GPU and CPU basics

CUDA, which stands for Compute Unified Device Architecture, is a parallel computing platform and programming model developed by NVIDIA. It allows developers to use NVIDIA GPUs (Graphics Processing Units) for general-purpose parallel computing. CUDA enables efficient parallel processing for a wide range of applications beyond traditional graphics rendering, such as scientific simulations, deep learning, and numerical computations.

There are two reasons to use GPU over CPU:

Very High computational throughput; computational throughput = Number of cores . clock speed . number of Instructions per cycle
High memeory bandwidth/throughput; Memory bandwidth = (memory bus width in bits. Memory clock speed )
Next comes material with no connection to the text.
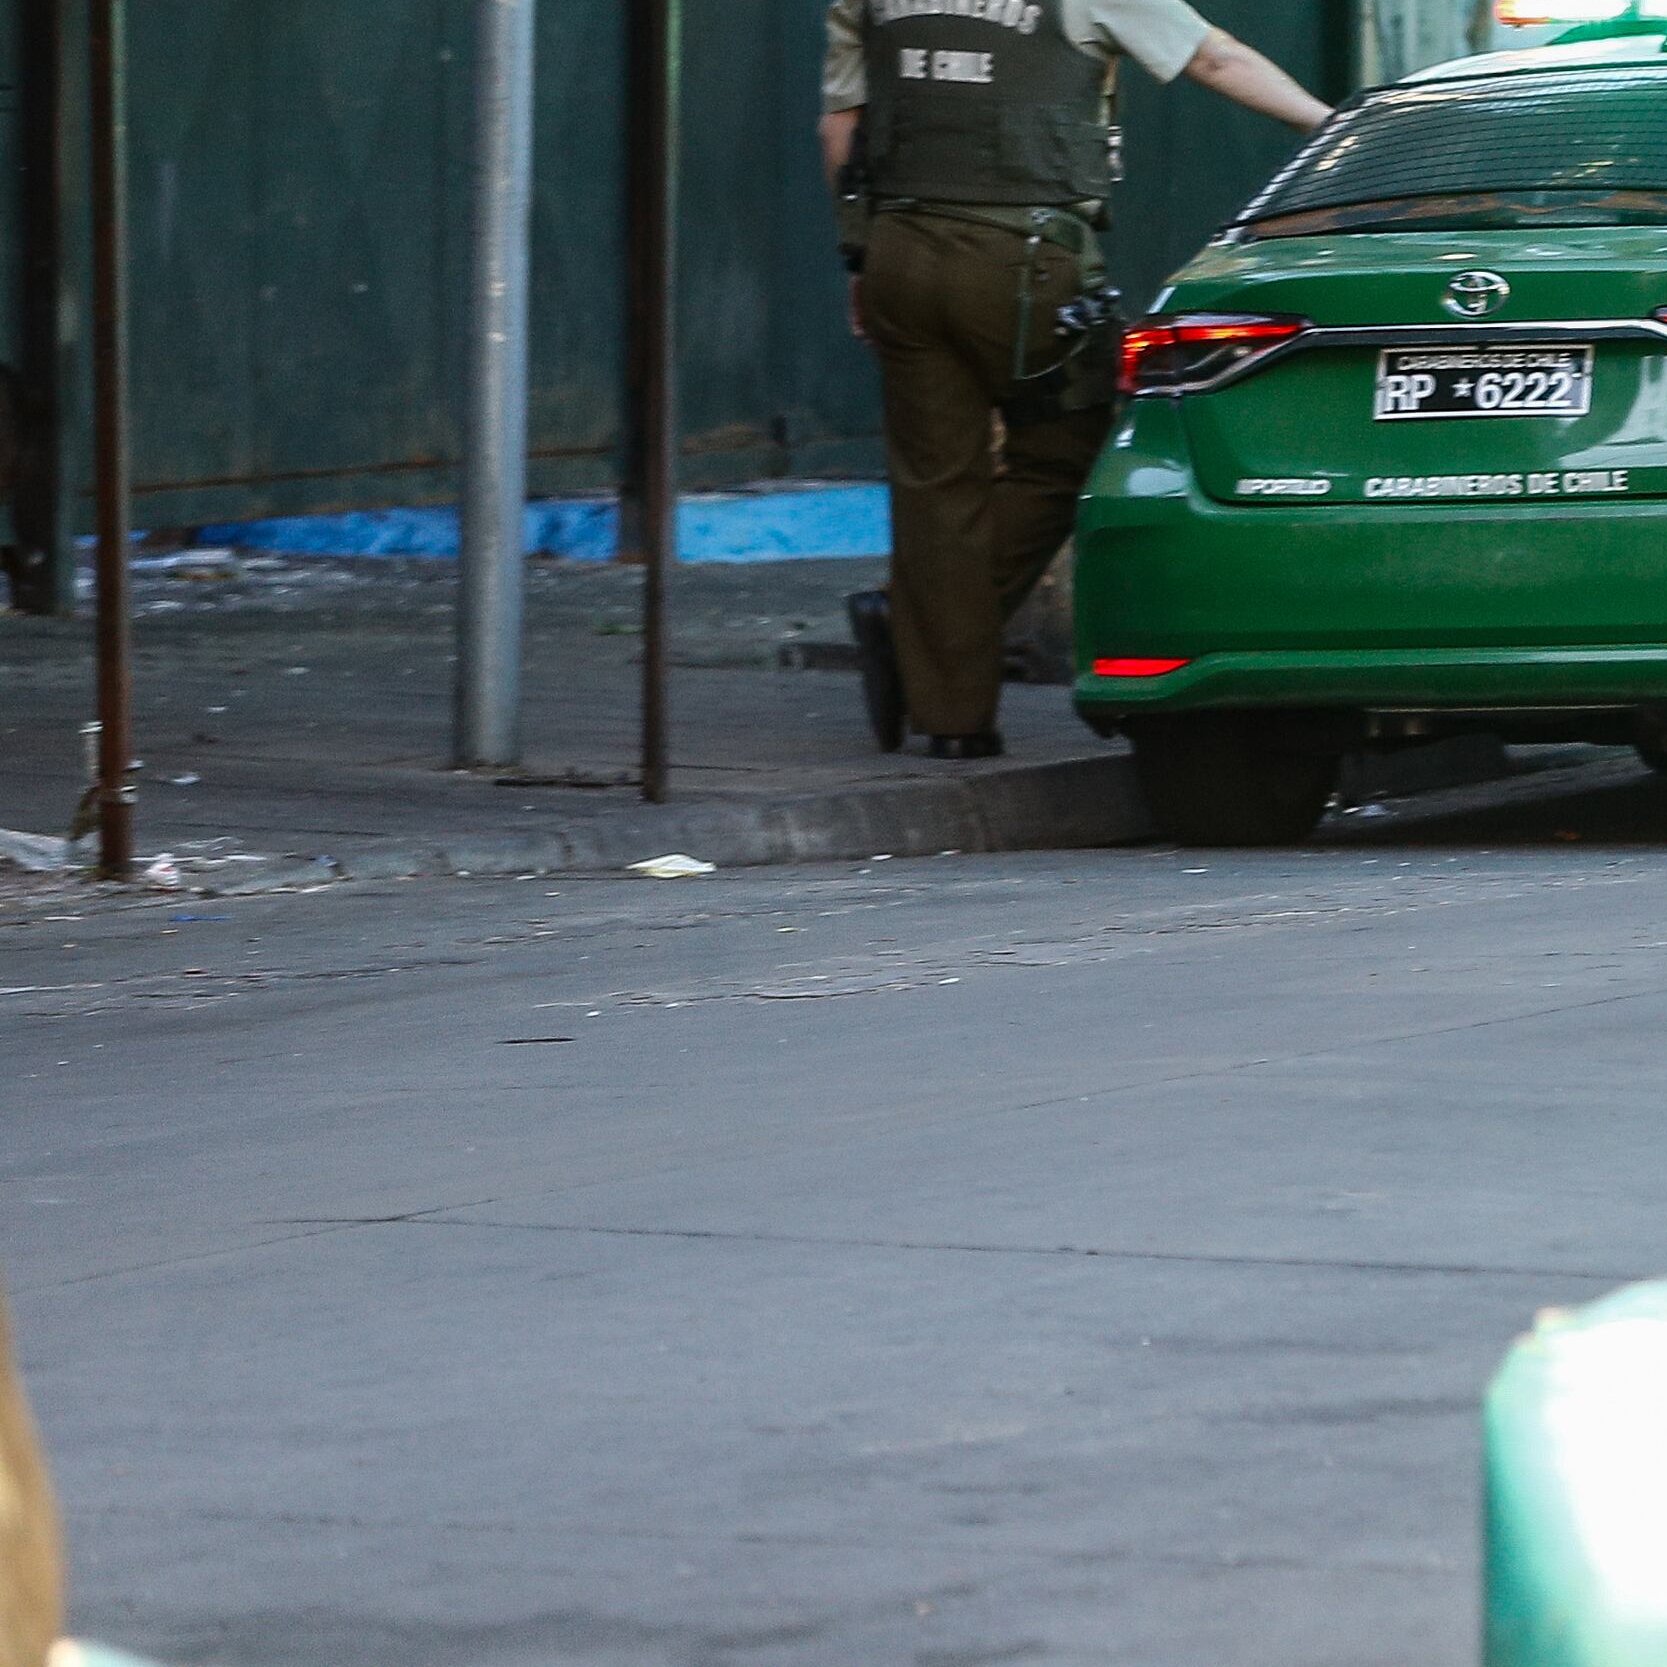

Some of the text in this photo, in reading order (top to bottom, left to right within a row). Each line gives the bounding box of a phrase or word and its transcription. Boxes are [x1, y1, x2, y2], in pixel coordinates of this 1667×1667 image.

[1383, 371, 1574, 412] RP 6222
[1364, 470, 1629, 497] CARABINEROS DE CHILE
There are many Architectures to use, each with different compute capability.

Architecture	Compute Capability
Tesla	1.x
Fermi	2.x
Kepler	3.x
Maxwell	5.x
Pascal	6.x
Volta	7.x
Turing	7.5
Ampere	8.x

Compute Capability is a numerical value assigned to each NVIDIA GPU architecture, and it represents the level of features and capabilities supported by that architecture. It is an important parameter for developers, especially when writing CUDA (Compute Unified Device Architecture) code for GPU programming. Each compute capability introduces new features, instructions, and improvements over previous versions.
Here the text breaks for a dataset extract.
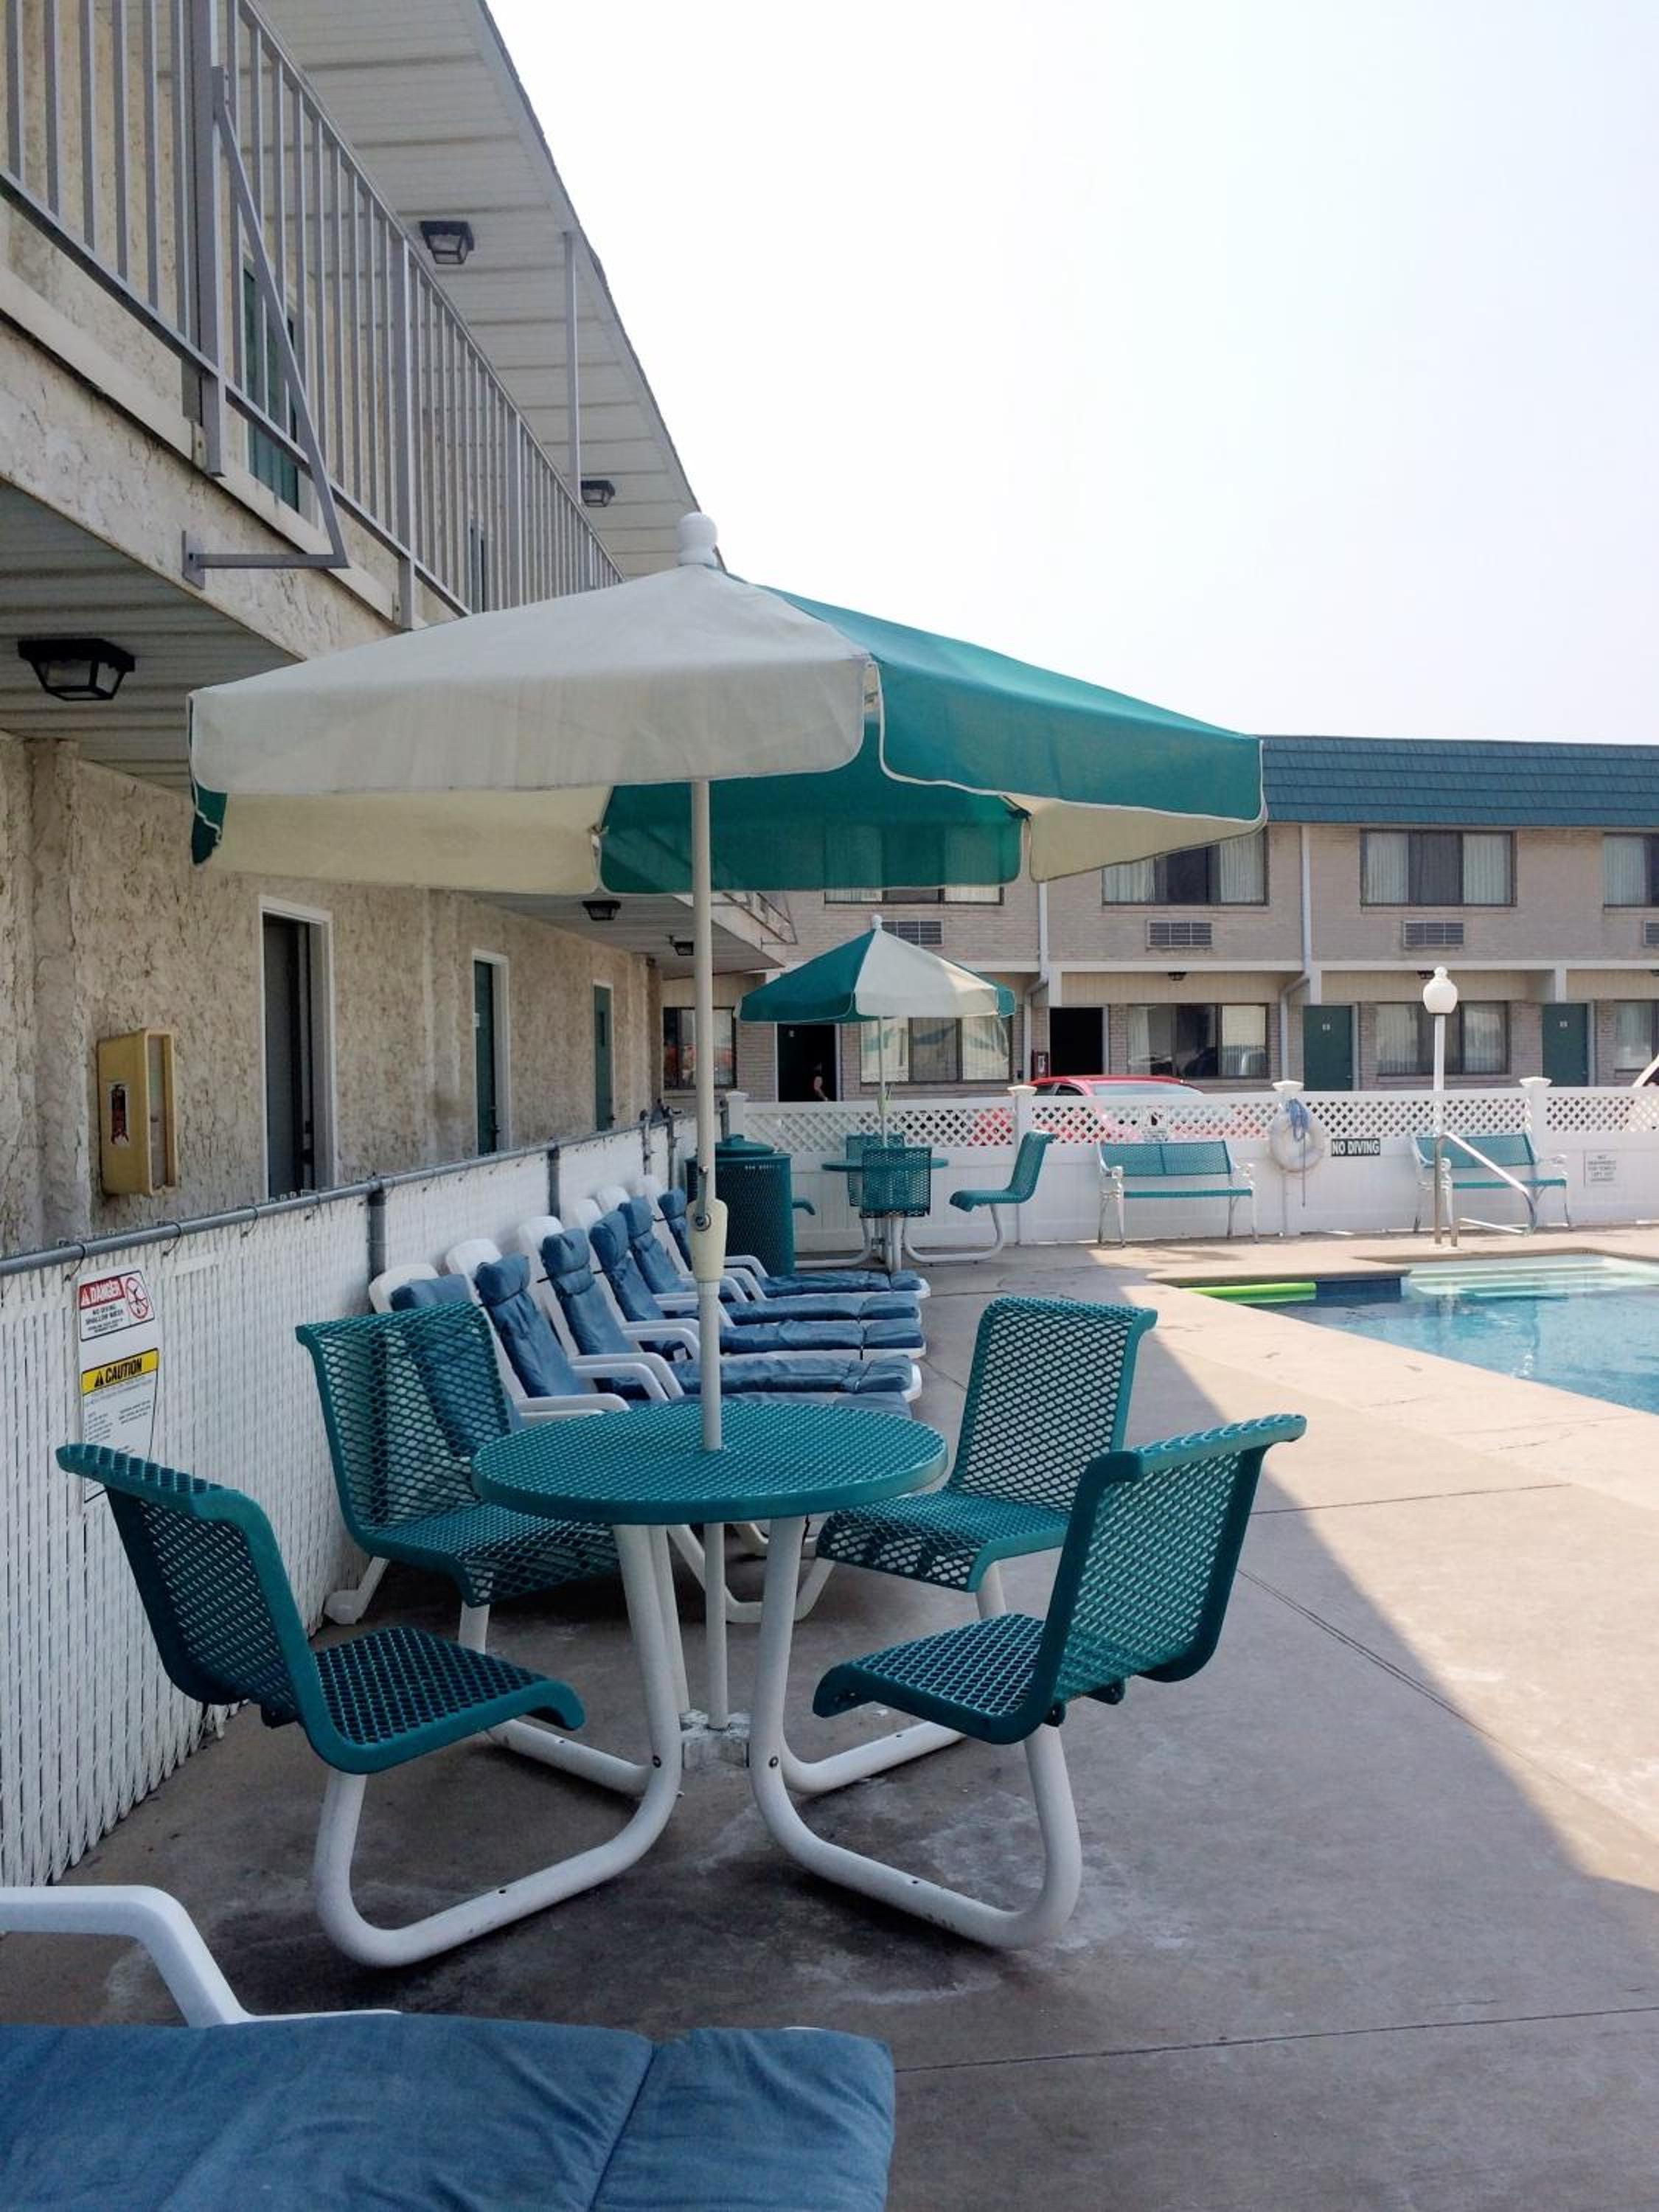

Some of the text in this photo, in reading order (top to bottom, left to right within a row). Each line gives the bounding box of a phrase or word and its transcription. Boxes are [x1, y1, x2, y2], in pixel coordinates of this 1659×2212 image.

[1332, 1139, 1380, 1155] NO DIVING
[90, 1280, 122, 1304] DANGER
[105, 1358, 142, 1383] CAUTION
Some key aspects related to Compute Capability include:

Compute Capability is represented in the form of major and minor version numbers (e.g., 6.1 for Pascal, 7.0 for Volta).

Higher compute capability generally implies support for newer features, instructions, and optimizations.

Some CUDA Toolkit versions may be designed to support specific compute capabilities. It's important for developers to ensure compatibility between their code and the targeted GPU architecture.

Newer compute capabilities often bring improvements in performance and energy efficiency, allowing developers to take advantage of advanced features and optimizations.

In more recent architectures like Volta, Turing, and Ampere, special hardware units called Tensor Cores were introduced to accelerate deep learning tasks.

We use 10 nodes of GPU.
The NVIDIA Tesla P100 is a high-performance GPU designed for data center and high-performance computing (HPC) applications. The Tesla P100 PCIe variant has a compute capability of 6.0. The compute capability is a numerical representation that indicates the features and capabilities supported by the GPU architecture.

For the Tesla P100 PCIe 16GB:

Compute Capability: 6.0
The compute capability is represented in the form of major and minor version numbers, where the major version indicates significant architectural changes and the minor version represents incremental improvements within that architecture.

Here's a breakdown of the compute capability version 6.0:

Major Version (6.x): Indicates the Pascal architecture.
Minor Version (6.0): Specific incremental improvements and features within the Pascal architecture.
Developers often use compute capability information when programming GPUs using frameworks like CUDA (Compute Unified Device Architecture). The compute capability helps ensure compatibility and optimization of code for specific GPU architectures.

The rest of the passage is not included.